Senate Minority Leader Mitch McConnell, R-Ky., rushed to defend the Biden-McCarthy plan hours after it was announced in hopes of covering for the president. McConnell said he “is making urgent progress toward preserving the full faith and credit of our nation and an indispensable step in putting its fiscal house in order.”
Conservative wins – but GOP House hardliners furious
McCarthy’s House allies tell reporters the deal will “absolutely pass” because it holds so many Republican victories.
One of the most obvious is that the deal claws back billions in unspent COVID-19 relief funds, wrings $10 billion from IRS funding, and limits how long able-bodied adults 54 or younger without dependent children can receive food stamps if they do not meet certain work requirements.
“The debt limit agreement is full of conservative wins,” tweeted South Dakota Republican Rep. Dusty Johnson, who leads the Main Street Caucus.
Many GOP members will likely echo Johnson, who argues that by forcing Democrats to find money in the existing budget, most conservatives will support the plan.
Still, some tax hawks publicly expressed their dismay and portrayed McCarthy as a traitor to their cause.
“After hearing about the debt ceiling deal, I was a no,” Florida Rep. Byron Donalds, a Republican who challenged McCarthy for the president’s gavel, said in a May 29 tweet. . “After reading the debt ceiling agreement, I am absolutely no!!”
Colorado Rep.
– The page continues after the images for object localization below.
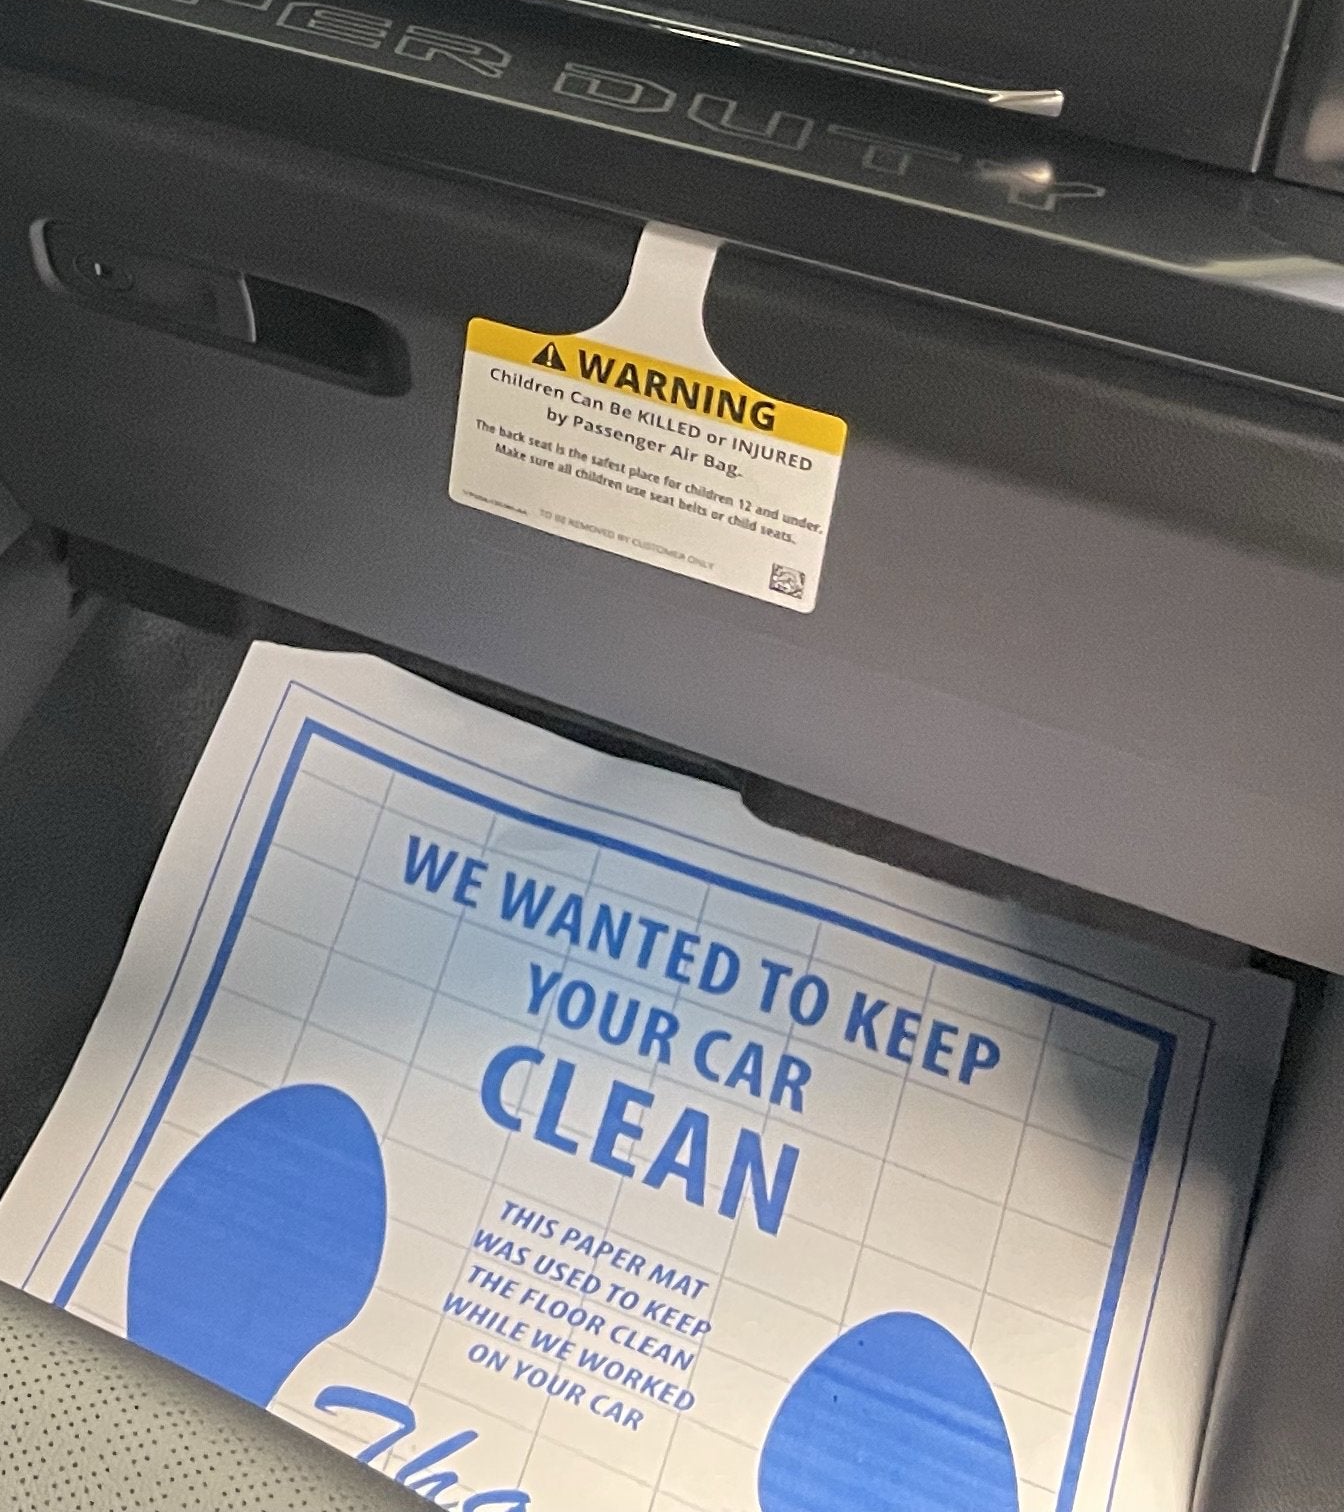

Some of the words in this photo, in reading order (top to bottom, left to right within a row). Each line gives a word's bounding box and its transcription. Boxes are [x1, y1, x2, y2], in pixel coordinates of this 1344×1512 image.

[552, 61, 1107, 212] DUTY
[490, 367, 565, 400] Children
[570, 391, 604, 411] Can
[610, 401, 632, 419] Be
[637, 410, 701, 439] KILLED
[706, 433, 728, 446] or
[732, 437, 813, 471] INJURED
[546, 406, 569, 427] by
[573, 415, 667, 453] Passenger
[670, 445, 699, 463] Air
[703, 453, 744, 479] Bag.
[578, 349, 776, 432] WARNING
[476, 418, 496, 433] The
[499, 426, 525, 443] back
[528, 437, 553, 452] seat
[555, 443, 565, 456] is
[568, 448, 588, 462] the
[591, 454, 626, 474] safest
[628, 466, 661, 485] place
[664, 475, 682, 491] for
[685, 483, 734, 507] children
[738, 498, 752, 512] 12
[755, 505, 780, 520] and
[782, 512, 824, 535] under.
[495, 442, 527, 462] Make
[530, 454, 554, 469] sure
[557, 462, 572, 475] all
[575, 468, 623, 491] children
[625, 484, 647, 498] use
[649, 491, 674, 507] seat
[678, 497, 708, 517] belts
[711, 510, 725, 522] or
[727, 515, 758, 532] child
[760, 524, 798, 545] seats.
[539, 508, 553, 520] TO
[554, 513, 567, 525] BE
[568, 517, 615, 540] REMOVED
[631, 537, 686, 562] CUSTOMER
[403, 836, 489, 911] WE
[498, 870, 741, 996] WANTED
[759, 958, 828, 1025] TO
[845, 993, 1000, 1082] KEEP
[526, 960, 682, 1065] YOUR
[693, 1029, 812, 1113] CAR
[479, 1043, 799, 1234] CLEAN
[473, 1229, 531, 1266] WAS
[533, 1254, 602, 1295] USED
[605, 1283, 640, 1311] TO
[643, 1300, 712, 1338] KEEP
[499, 1200, 560, 1239] THIS
[560, 1227, 647, 1276] PAPER
[647, 1264, 710, 1300] MAT
[442, 1292, 530, 1342] WHILE
[530, 1328, 576, 1362] WE
[577, 1348, 696, 1412] WORKED
[467, 1265, 520, 1300] THE
[519, 1288, 606, 1336] FLOOR
[609, 1325, 695, 1371] CLEAN
[467, 1343, 510, 1373] ON
[513, 1359, 586, 1407] YOUR
[589, 1394, 644, 1432] CAR
Ken Buck, a Republican who was one of the key votes needed for McCarthy to win the presidency, said the deal gives Biden and the Democrats a “free pass to defend their reckless spending.” ahead of the 2024 campaign.
“This deal must be rejected,” he said.
On Tuesday, members of the House Freedom Caucus rallied outside Capitol Hill to denounce the plan, saying McCarthy had failed.
But other conservative members who are also known for their steadfast views have expressed support for McCarthy’s deal with the president.
Representative from Kentucky Thomas Massie, a fierce GOP tax hawk, praised him for including parts of his so-called “penny plan” which requires a 1% cut in spending across the board if Congress does not pass the appropriation bills.
“I respect the opposition to the Fiscal Responsibility Act, but I’m voting yes,” Massie said in a tweet Tuesday night. “I’ve been in Congress for a decade and this is the first real bill that cuts spending.”
Congressional Democrats are playing coy, for now
With the spotlight on McCarthy and his caucus, the Biden administration is quietly calling on House Democrats to win their votes.
House Democrats don’t have much to celebrate in this proposal, but the charm offensive seems to be working in the sense that it kept progressive lawmakers from speaking out against the deal at the same volume as their colleagues. of right.
Democratic Rep. Ro Khanna of California said liberal-leaning members were “influential” on whether they would support the plan. But before Wednesday’s vote, he brushed off the deal.
“Debt deal cuts food stamps (and) social programs while we have an affordability crisis,” Khanna, a member of the Congressional Progressive Caucus, tweeted on Tuesday.
The congressman’s message linked to a 2022 Federal Reserve survey, which found that about 37% of Americans said they didn’t have enough money to cover a $400 emergency.
“It’s not ‘extreme’ to speak on behalf of low-income Americans,” he said.
Other Democrats such as Rep. Cori Bush of Missouri have said, as someone who has received food stamps before, that she opposes the deal, describing the work requirement as “racist, classist and inhuman”.
Limiting Democratic unrest will be key for the White House given the growing number of House Republicans critical of the McCarthy-Biden deal, who may have to use Democrats as a crutch to save the bill.